Below are the records; they must be reproduced verbatim.

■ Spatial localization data
****************************************
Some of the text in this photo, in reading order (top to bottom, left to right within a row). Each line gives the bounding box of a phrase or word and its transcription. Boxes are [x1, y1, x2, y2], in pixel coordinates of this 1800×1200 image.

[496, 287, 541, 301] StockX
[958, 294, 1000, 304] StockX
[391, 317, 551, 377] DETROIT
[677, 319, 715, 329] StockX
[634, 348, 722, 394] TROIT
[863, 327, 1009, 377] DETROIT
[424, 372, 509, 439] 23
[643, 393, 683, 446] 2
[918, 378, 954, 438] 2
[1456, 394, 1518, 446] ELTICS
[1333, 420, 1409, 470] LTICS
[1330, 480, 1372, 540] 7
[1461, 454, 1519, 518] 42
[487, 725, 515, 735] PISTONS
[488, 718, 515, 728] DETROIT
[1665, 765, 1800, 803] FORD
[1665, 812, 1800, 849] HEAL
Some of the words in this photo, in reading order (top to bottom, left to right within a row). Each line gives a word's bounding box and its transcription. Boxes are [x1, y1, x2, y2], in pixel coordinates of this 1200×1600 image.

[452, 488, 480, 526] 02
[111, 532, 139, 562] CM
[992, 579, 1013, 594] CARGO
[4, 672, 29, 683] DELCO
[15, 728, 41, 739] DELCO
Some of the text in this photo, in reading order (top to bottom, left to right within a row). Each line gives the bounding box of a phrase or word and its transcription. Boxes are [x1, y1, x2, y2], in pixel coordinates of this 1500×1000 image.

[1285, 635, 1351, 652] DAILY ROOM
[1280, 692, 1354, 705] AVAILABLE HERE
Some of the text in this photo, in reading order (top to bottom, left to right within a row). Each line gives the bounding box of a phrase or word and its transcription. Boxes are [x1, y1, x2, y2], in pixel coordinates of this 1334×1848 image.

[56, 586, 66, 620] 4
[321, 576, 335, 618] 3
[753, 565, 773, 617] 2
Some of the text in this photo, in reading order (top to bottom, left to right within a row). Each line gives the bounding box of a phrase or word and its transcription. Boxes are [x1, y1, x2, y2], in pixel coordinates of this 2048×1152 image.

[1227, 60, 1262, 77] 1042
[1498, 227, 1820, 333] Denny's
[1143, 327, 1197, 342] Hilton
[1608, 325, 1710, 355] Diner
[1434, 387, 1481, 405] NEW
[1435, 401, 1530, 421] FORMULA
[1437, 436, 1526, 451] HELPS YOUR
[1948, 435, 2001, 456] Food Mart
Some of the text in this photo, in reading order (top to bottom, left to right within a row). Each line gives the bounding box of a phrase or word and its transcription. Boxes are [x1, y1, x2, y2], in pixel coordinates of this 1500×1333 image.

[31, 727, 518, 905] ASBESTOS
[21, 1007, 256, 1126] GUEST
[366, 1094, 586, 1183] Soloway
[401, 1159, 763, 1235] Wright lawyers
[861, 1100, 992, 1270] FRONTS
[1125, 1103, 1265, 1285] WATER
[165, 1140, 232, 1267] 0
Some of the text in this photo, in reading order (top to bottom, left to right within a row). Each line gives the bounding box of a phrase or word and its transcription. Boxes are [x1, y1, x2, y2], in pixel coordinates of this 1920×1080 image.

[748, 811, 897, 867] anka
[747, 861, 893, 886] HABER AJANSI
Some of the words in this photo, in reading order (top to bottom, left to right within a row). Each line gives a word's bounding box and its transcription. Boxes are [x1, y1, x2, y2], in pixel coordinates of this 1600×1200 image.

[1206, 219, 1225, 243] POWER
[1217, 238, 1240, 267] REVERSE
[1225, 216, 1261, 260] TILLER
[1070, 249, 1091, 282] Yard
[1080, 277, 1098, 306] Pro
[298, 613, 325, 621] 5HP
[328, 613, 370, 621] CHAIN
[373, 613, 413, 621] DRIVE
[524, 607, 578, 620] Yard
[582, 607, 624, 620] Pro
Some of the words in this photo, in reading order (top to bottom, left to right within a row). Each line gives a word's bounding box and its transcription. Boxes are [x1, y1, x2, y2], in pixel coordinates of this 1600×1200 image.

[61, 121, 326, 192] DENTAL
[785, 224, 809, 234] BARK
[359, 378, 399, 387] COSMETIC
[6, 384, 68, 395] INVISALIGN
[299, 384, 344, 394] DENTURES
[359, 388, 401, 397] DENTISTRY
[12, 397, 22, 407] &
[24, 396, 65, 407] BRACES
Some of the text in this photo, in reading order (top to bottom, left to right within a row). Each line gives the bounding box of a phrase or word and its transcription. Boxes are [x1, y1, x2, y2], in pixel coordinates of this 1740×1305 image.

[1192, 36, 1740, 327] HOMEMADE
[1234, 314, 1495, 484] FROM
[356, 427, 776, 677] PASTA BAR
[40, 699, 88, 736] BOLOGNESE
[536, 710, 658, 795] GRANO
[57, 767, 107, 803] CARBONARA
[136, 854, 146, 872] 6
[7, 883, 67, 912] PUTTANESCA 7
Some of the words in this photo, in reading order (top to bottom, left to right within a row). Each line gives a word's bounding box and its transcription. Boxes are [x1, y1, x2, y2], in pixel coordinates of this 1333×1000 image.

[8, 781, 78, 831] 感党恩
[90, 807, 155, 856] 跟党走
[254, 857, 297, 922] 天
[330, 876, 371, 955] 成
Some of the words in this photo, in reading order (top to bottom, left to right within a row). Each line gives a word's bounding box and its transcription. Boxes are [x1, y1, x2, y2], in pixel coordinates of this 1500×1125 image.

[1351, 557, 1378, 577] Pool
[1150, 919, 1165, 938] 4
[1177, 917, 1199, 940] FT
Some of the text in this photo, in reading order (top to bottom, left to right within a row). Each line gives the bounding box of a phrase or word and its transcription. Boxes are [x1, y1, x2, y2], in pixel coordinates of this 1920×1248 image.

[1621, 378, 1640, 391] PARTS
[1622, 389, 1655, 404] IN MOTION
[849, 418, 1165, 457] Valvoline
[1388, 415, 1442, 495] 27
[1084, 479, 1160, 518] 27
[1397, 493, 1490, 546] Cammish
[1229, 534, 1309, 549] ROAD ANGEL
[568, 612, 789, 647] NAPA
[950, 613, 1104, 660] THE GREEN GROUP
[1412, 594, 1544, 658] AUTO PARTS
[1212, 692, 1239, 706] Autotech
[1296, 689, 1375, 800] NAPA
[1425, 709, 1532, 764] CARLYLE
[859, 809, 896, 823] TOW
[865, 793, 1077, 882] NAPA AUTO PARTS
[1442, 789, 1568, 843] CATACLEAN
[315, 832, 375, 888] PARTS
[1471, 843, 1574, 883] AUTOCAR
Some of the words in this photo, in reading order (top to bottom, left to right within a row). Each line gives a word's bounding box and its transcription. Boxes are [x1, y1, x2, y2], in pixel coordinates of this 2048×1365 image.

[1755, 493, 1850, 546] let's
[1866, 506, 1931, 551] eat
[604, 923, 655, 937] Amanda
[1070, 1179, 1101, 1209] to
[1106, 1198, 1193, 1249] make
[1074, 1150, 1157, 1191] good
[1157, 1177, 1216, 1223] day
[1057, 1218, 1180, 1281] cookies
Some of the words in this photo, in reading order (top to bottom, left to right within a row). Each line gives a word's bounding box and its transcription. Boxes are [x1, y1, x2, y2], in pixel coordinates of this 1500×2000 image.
****************************************
■ SOLUTION FOR THIS TASK
Some of the text in this photo, in reading order (top to bottom, left to right within a row). Each line gives the bounding box of a phrase or word and its transcription. Boxes are [x1, y1, x2, y2], in pixel coordinates of this 1800×1200 image.

[496, 287, 541, 301] StockX
[958, 294, 1000, 304] StockX
[391, 317, 551, 377] DETROIT
[677, 319, 715, 329] StockX
[634, 348, 722, 394] TROIT
[863, 327, 1009, 377] DETROIT
[424, 372, 509, 439] 23
[643, 393, 683, 446] 2
[918, 378, 954, 438] 2
[1456, 394, 1518, 446] ELTICS
[1333, 420, 1409, 470] LTICS
[1330, 480, 1372, 540] 7
[1461, 454, 1519, 518] 42
[487, 725, 515, 735] PISTONS
[488, 718, 515, 728] DETROIT
[1665, 765, 1800, 803] FORD
[1665, 812, 1800, 849] HEAL
Some of the words in this photo, in reading order (top to bottom, left to right within a row). Each line gives a word's bounding box and its transcription. Boxes are [x1, y1, x2, y2], in pixel coordinates of this 1200×1600 image.

[452, 488, 480, 526] 02
[111, 532, 139, 562] CM
[992, 579, 1013, 594] CARGO
[4, 672, 29, 683] DELCO
[15, 728, 41, 739] DELCO
Some of the text in this photo, in reading order (top to bottom, left to right within a row). Each line gives the bounding box of a phrase or word and its transcription. Boxes are [x1, y1, x2, y2], in pixel coordinates of this 1500×1000 image.

[1285, 635, 1351, 652] DAILY ROOM
[1280, 692, 1354, 705] AVAILABLE HERE
Some of the text in this photo, in reading order (top to bottom, left to right within a row). Each line gives the bounding box of a phrase or word and its transcription. Boxes are [x1, y1, x2, y2], in pixel coordinates of this 1334×1848 image.

[56, 586, 66, 620] 4
[321, 576, 335, 618] 3
[753, 565, 773, 617] 2
Some of the text in this photo, in reading order (top to bottom, left to right within a row). Each line gives the bounding box of a phrase or word and its transcription. Boxes are [x1, y1, x2, y2], in pixel coordinates of this 2048×1152 image.

[1227, 60, 1262, 77] 1042
[1498, 227, 1820, 333] Denny's
[1143, 327, 1197, 342] Hilton
[1608, 325, 1710, 355] Diner
[1434, 387, 1481, 405] NEW
[1435, 401, 1530, 421] FORMULA
[1437, 436, 1526, 451] HELPS YOUR
[1948, 435, 2001, 456] Food Mart
Some of the text in this photo, in reading order (top to bottom, left to right within a row). Each line gives the bounding box of a phrase or word and its transcription. Boxes are [x1, y1, x2, y2], in pixel coordinates of this 1500×1333 image.

[31, 727, 518, 905] ASBESTOS
[21, 1007, 256, 1126] GUEST
[366, 1094, 586, 1183] Soloway
[401, 1159, 763, 1235] Wright lawyers
[861, 1100, 992, 1270] FRONTS
[1125, 1103, 1265, 1285] WATER
[165, 1140, 232, 1267] 0
Some of the text in this photo, in reading order (top to bottom, left to right within a row). Each line gives the bounding box of a phrase or word and its transcription. Boxes are [x1, y1, x2, y2], in pixel coordinates of this 1920×1080 image.

[748, 811, 897, 867] anka
[747, 861, 893, 886] HABER AJANSI
Some of the words in this photo, in reading order (top to bottom, left to right within a row). Each line gives a word's bounding box and its transcription. Boxes are [x1, y1, x2, y2], in pixel coordinates of this 1600×1200 image.

[1206, 219, 1225, 243] POWER
[1217, 238, 1240, 267] REVERSE
[1225, 216, 1261, 260] TILLER
[1070, 249, 1091, 282] Yard
[1080, 277, 1098, 306] Pro
[298, 613, 325, 621] 5HP
[328, 613, 370, 621] CHAIN
[373, 613, 413, 621] DRIVE
[524, 607, 578, 620] Yard
[582, 607, 624, 620] Pro
Some of the words in this photo, in reading order (top to bottom, left to right within a row). Each line gives a word's bounding box and its transcription. Boxes are [x1, y1, x2, y2], in pixel coordinates of this 1600×1200 image.

[61, 121, 326, 192] DENTAL
[785, 224, 809, 234] BARK
[359, 378, 399, 387] COSMETIC
[6, 384, 68, 395] INVISALIGN
[299, 384, 344, 394] DENTURES
[359, 388, 401, 397] DENTISTRY
[12, 397, 22, 407] &
[24, 396, 65, 407] BRACES
Some of the text in this photo, in reading order (top to bottom, left to right within a row). Each line gives the bounding box of a phrase or word and its transcription. Boxes are [x1, y1, x2, y2], in pixel coordinates of this 1740×1305 image.

[1192, 36, 1740, 327] HOMEMADE
[1234, 314, 1495, 484] FROM
[356, 427, 776, 677] PASTA BAR
[40, 699, 88, 736] BOLOGNESE
[536, 710, 658, 795] GRANO
[57, 767, 107, 803] CARBONARA
[136, 854, 146, 872] 6
[7, 883, 67, 912] PUTTANESCA 7
Some of the words in this photo, in reading order (top to bottom, left to right within a row). Each line gives a word's bounding box and its transcription. Boxes are [x1, y1, x2, y2], in pixel coordinates of this 1333×1000 image.

[8, 781, 78, 831] 感党恩
[90, 807, 155, 856] 跟党走
[254, 857, 297, 922] 天
[330, 876, 371, 955] 成
Some of the words in this photo, in reading order (top to bottom, left to right within a row). Each line gives a word's bounding box and its transcription. Boxes are [x1, y1, x2, y2], in pixel coordinates of this 1500×1125 image.

[1351, 557, 1378, 577] Pool
[1150, 919, 1165, 938] 4
[1177, 917, 1199, 940] FT
Some of the text in this photo, in reading order (top to bottom, left to right within a row). Each line gives the bounding box of a phrase or word and its transcription. Boxes are [x1, y1, x2, y2], in pixel coordinates of this 1920×1248 image.

[1621, 378, 1640, 391] PARTS
[1622, 389, 1655, 404] IN MOTION
[849, 418, 1165, 457] Valvoline
[1388, 415, 1442, 495] 27
[1084, 479, 1160, 518] 27
[1397, 493, 1490, 546] Cammish
[1229, 534, 1309, 549] ROAD ANGEL
[568, 612, 789, 647] NAPA
[950, 613, 1104, 660] THE GREEN GROUP
[1412, 594, 1544, 658] AUTO PARTS
[1212, 692, 1239, 706] Autotech
[1296, 689, 1375, 800] NAPA
[1425, 709, 1532, 764] CARLYLE
[859, 809, 896, 823] TOW
[865, 793, 1077, 882] NAPA AUTO PARTS
[1442, 789, 1568, 843] CATACLEAN
[315, 832, 375, 888] PARTS
[1471, 843, 1574, 883] AUTOCAR
Some of the words in this photo, in reading order (top to bottom, left to right within a row). Each line gives a word's bounding box and its transcription. Boxes are [x1, y1, x2, y2], in pixel coordinates of this 2048×1365 image.

[1755, 493, 1850, 546] let's
[1866, 506, 1931, 551] eat
[604, 923, 655, 937] Amanda
[1070, 1179, 1101, 1209] to
[1106, 1198, 1193, 1249] make
[1074, 1150, 1157, 1191] good
[1157, 1177, 1216, 1223] day
[1057, 1218, 1180, 1281] cookies
Some of the words in this photo, in reading order (top to bottom, left to right within a row). Each line gives a word's bounding box and its transcription. Boxes are [x1, y1, x2, y2], in pixel coordinates of this 1500×2000 image.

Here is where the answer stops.